- [PROBLEM DESCRIPTION]:
The answer must consist solely of the line that contains "this 1495×1492 image." and all subsequent lines of the data, each reproduced exactly.

- [INFORMATION]:

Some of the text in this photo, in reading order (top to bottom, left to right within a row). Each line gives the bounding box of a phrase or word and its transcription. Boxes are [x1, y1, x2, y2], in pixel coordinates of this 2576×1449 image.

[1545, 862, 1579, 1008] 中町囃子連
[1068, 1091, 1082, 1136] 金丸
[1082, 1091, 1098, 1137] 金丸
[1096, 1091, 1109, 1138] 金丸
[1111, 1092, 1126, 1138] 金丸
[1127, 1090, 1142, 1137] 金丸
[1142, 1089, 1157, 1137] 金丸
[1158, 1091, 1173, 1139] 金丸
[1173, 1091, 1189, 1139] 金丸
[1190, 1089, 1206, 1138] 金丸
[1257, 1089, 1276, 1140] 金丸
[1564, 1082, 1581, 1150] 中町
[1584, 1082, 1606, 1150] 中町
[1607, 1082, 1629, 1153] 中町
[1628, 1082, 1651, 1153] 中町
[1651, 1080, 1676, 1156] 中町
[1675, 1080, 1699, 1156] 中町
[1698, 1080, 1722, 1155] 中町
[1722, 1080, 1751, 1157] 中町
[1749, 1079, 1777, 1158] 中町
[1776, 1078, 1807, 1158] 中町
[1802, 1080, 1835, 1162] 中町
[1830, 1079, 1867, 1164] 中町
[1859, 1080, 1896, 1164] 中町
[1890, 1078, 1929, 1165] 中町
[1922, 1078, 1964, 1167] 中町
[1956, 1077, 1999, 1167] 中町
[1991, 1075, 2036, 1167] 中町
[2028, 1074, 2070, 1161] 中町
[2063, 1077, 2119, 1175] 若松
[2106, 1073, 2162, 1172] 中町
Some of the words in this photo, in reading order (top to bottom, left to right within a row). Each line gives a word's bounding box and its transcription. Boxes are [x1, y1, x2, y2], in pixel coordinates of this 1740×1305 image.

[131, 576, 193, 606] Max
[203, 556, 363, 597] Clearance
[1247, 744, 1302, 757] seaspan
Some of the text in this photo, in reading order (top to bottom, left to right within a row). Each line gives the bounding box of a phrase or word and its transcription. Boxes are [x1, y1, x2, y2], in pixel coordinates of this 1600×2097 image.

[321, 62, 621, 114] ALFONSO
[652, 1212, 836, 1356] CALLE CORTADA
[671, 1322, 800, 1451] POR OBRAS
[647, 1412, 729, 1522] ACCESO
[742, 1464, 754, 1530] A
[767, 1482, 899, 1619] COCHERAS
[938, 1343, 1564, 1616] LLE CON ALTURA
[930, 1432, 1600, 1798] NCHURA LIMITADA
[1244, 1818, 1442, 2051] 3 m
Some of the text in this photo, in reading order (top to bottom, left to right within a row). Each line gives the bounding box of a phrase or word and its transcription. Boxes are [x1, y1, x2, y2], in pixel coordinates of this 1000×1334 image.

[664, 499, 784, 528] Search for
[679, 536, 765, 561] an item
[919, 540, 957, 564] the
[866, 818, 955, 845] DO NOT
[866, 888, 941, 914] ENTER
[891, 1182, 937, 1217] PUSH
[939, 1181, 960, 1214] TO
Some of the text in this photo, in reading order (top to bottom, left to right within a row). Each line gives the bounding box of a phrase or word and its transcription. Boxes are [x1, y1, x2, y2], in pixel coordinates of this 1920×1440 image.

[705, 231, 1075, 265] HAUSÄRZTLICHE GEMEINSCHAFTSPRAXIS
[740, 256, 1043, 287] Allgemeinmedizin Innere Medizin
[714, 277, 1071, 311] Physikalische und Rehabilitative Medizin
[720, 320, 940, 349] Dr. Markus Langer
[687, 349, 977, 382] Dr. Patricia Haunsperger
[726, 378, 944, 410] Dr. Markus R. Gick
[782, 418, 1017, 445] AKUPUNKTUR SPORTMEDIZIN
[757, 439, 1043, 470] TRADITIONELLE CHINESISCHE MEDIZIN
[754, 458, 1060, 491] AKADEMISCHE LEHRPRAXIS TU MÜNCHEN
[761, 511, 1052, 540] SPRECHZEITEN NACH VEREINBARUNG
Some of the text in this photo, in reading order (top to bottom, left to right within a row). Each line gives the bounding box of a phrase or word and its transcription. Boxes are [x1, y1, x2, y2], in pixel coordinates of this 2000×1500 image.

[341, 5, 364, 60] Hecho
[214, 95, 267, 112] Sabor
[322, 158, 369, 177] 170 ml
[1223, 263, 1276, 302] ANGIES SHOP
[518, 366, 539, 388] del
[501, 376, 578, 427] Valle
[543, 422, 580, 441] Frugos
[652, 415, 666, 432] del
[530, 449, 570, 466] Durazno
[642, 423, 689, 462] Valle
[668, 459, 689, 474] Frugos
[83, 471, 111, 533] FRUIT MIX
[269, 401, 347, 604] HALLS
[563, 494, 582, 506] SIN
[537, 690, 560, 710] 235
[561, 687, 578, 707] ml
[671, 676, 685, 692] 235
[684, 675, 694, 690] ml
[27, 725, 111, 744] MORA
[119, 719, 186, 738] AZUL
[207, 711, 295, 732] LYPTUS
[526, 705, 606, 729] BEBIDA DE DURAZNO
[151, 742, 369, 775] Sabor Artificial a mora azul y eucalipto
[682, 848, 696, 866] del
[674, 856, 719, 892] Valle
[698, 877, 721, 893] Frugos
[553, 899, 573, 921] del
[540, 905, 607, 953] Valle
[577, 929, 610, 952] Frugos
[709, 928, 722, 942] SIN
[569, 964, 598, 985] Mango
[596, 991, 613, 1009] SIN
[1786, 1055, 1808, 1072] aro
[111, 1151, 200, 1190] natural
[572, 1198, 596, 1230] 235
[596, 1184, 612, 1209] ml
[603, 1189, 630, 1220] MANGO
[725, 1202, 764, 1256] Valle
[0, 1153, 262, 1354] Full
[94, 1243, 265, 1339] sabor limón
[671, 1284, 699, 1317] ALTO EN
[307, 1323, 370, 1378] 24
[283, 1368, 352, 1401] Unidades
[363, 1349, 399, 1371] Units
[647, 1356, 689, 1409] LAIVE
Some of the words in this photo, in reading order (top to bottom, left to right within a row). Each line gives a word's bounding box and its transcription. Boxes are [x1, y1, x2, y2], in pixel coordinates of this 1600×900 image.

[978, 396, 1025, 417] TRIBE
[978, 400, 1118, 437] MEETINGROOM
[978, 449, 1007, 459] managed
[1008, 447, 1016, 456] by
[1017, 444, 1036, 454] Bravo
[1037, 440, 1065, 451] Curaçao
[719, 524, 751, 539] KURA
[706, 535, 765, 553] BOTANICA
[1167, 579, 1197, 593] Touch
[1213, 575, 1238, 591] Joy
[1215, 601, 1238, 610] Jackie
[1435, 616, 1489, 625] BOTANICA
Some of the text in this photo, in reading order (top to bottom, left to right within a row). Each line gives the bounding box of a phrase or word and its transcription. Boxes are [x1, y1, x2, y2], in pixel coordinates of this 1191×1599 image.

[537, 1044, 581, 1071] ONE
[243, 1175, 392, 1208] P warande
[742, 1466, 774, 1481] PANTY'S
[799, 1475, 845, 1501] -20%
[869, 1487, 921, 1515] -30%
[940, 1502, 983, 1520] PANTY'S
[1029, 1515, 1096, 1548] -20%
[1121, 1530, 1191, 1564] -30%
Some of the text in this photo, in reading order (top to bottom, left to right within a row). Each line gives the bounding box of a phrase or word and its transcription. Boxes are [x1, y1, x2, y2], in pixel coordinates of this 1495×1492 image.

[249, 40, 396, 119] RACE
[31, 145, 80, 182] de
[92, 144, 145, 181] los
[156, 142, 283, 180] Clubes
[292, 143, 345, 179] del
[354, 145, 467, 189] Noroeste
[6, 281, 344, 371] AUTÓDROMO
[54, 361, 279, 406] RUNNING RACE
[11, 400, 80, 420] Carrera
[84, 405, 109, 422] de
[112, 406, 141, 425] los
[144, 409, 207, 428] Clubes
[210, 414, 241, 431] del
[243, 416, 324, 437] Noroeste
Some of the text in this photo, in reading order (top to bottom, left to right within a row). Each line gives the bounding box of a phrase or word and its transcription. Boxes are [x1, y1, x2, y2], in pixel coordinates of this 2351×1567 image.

- [SOLVED PROBLEM]:
Some of the text in this photo, in reading order (top to bottom, left to right within a row). Each line gives the bounding box of a phrase or word and its transcription. Boxes are [x1, y1, x2, y2], in pixel coordinates of this 1495×1492 image.

[249, 40, 396, 119] RACE
[31, 145, 80, 182] de
[92, 144, 145, 181] los
[156, 142, 283, 180] Clubes
[292, 143, 345, 179] del
[354, 145, 467, 189] Noroeste
[6, 281, 344, 371] AUTÓDROMO
[54, 361, 279, 406] RUNNING RACE
[11, 400, 80, 420] Carrera
[84, 405, 109, 422] de
[112, 406, 141, 425] los
[144, 409, 207, 428] Clubes
[210, 414, 241, 431] del
[243, 416, 324, 437] Noroeste
Some of the text in this photo, in reading order (top to bottom, left to right within a row). Each line gives the bounding box of a phrase or word and its transcription. Boxes are [x1, y1, x2, y2], in pixel coordinates of this 2351×1567 image.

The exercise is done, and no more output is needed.